Exercise aim:
No images, please. Copy each entry below exactly as it reads.

Spatial localization data
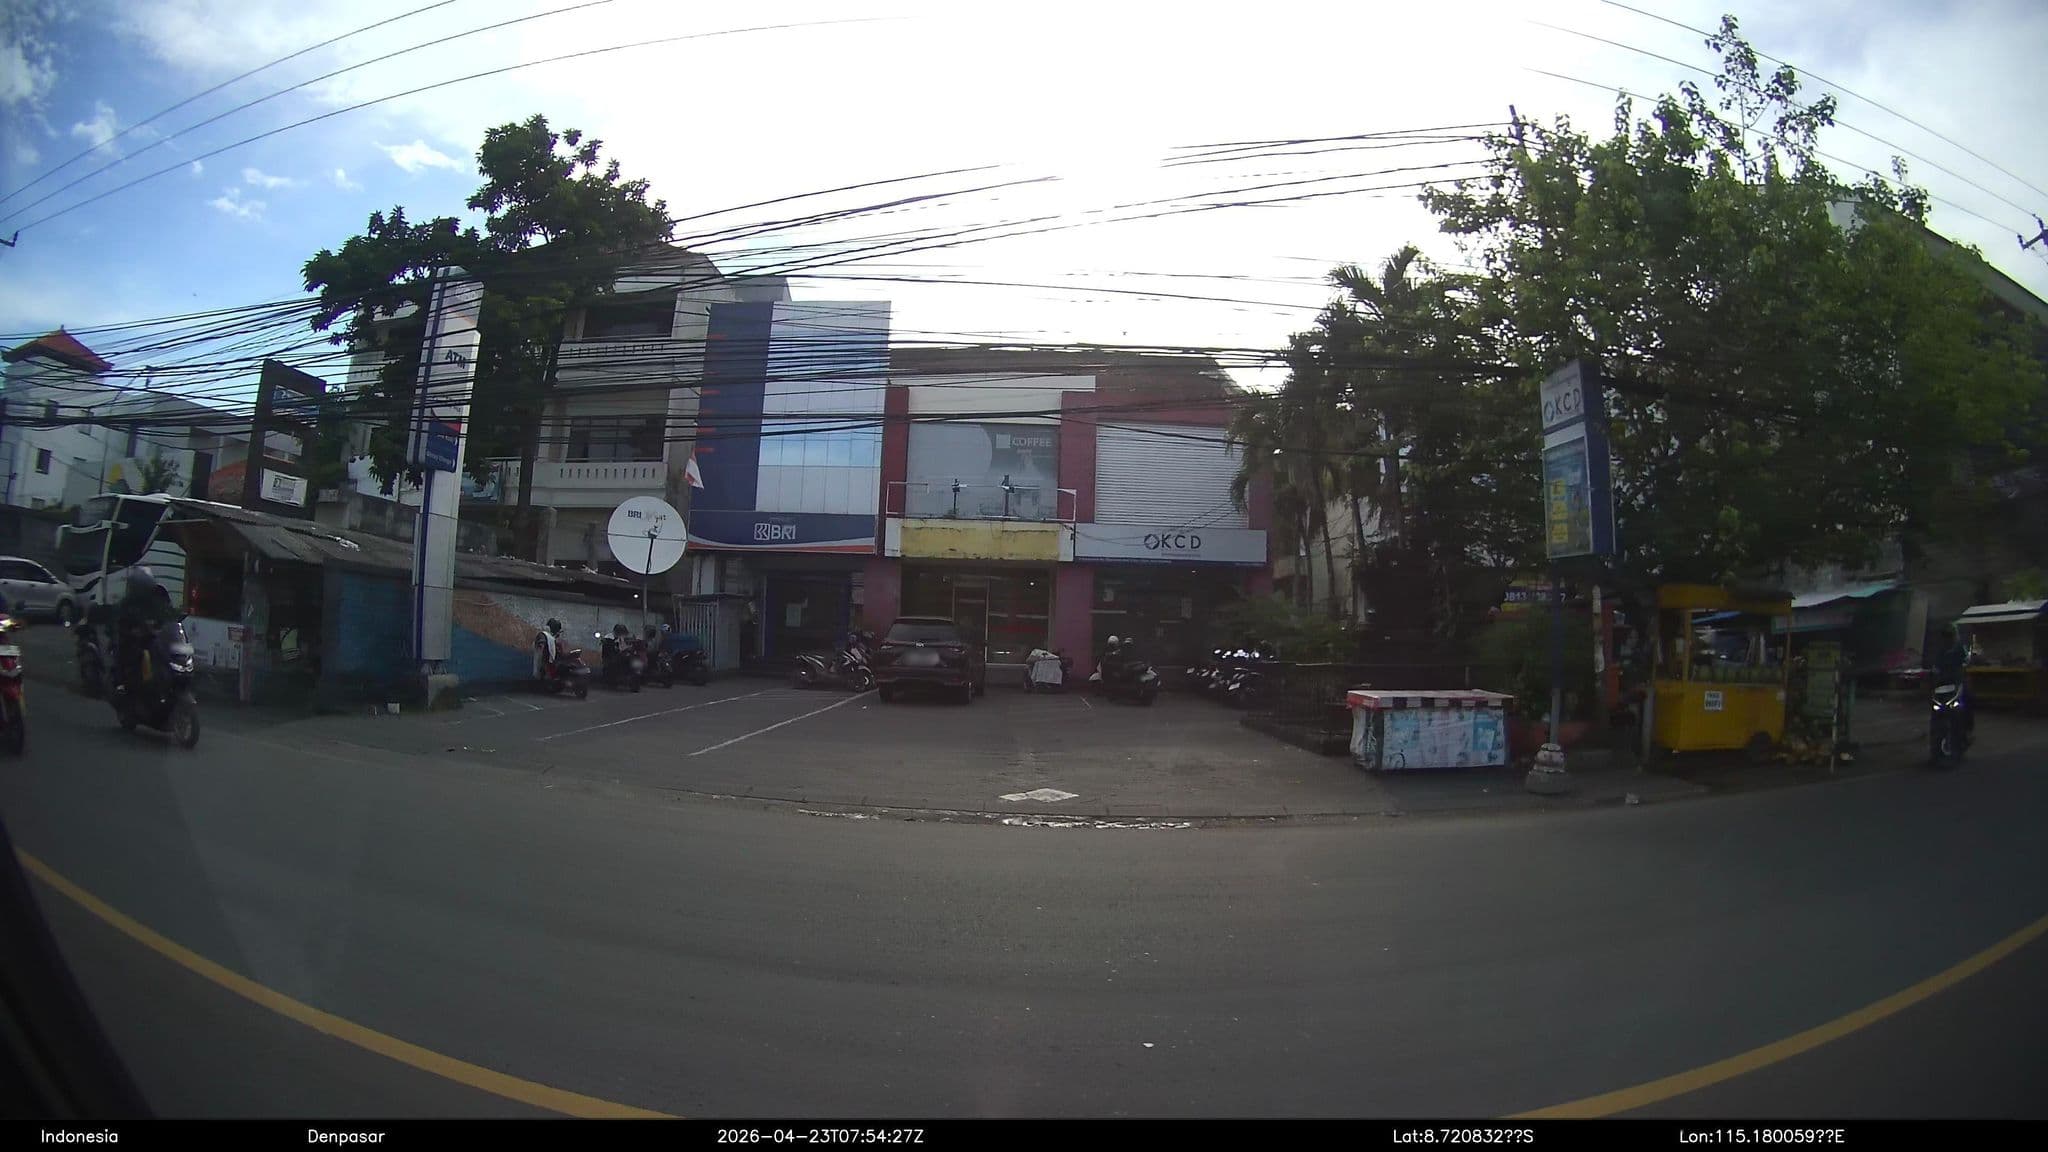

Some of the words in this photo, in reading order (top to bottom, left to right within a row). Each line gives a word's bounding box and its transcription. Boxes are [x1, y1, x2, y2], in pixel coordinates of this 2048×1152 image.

[445, 349, 466, 370] ATM
[1012, 436, 1053, 448] COFFEE
[627, 510, 642, 519] BRI
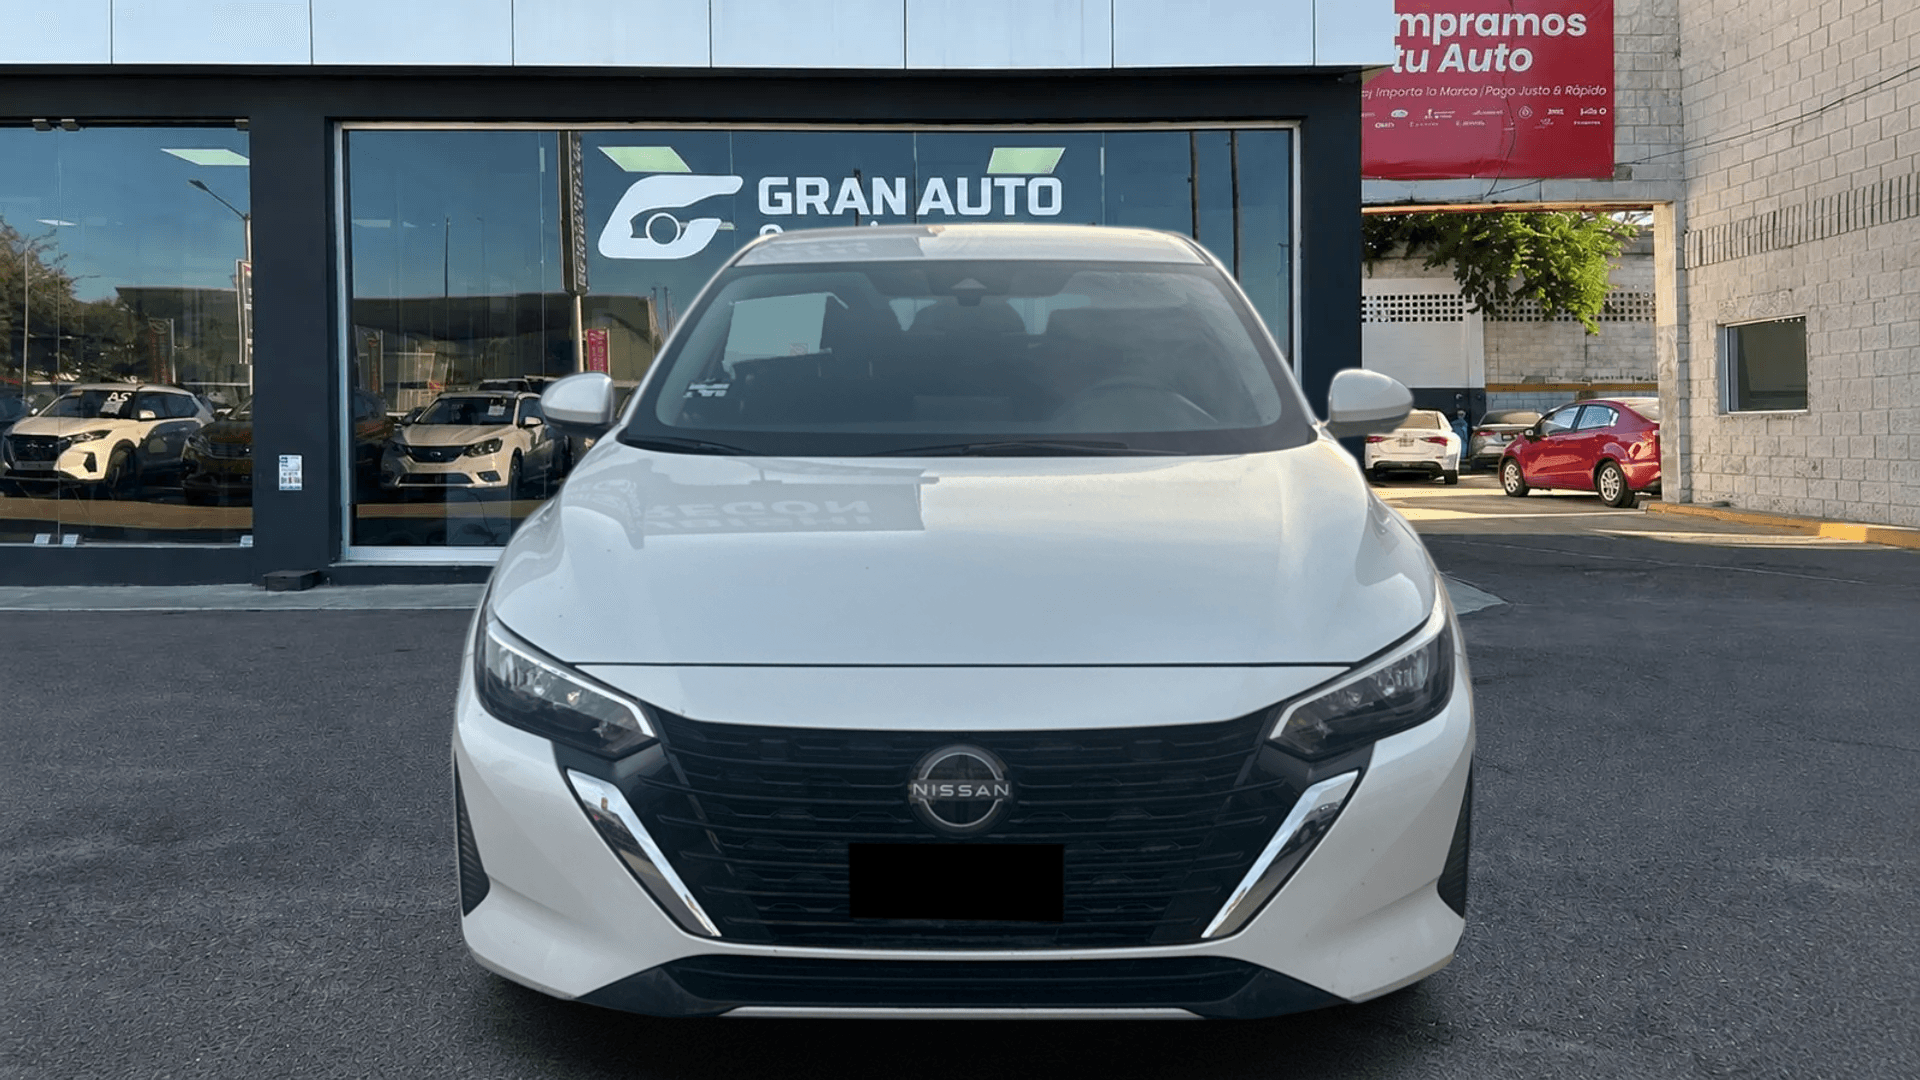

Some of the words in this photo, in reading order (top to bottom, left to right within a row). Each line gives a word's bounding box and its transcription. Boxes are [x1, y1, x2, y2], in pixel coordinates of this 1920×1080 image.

Answer section:
Some of the words in this photo, in reading order (top to bottom, left to right within a row). Each line gives a word's bounding box and its transcription. Boxes are [x1, y1, x2, y2], in pixel coordinates of this 2048×1152 image.

[445, 349, 466, 370] ATM
[1012, 436, 1053, 448] COFFEE
[627, 510, 642, 519] BRI

Some of the words in this photo, in reading order (top to bottom, left to right within a row). Each line gives a word's bounding box and its transcription. Boxes are [x1, y1, x2, y2], in pixel coordinates of this 1920×1080 image.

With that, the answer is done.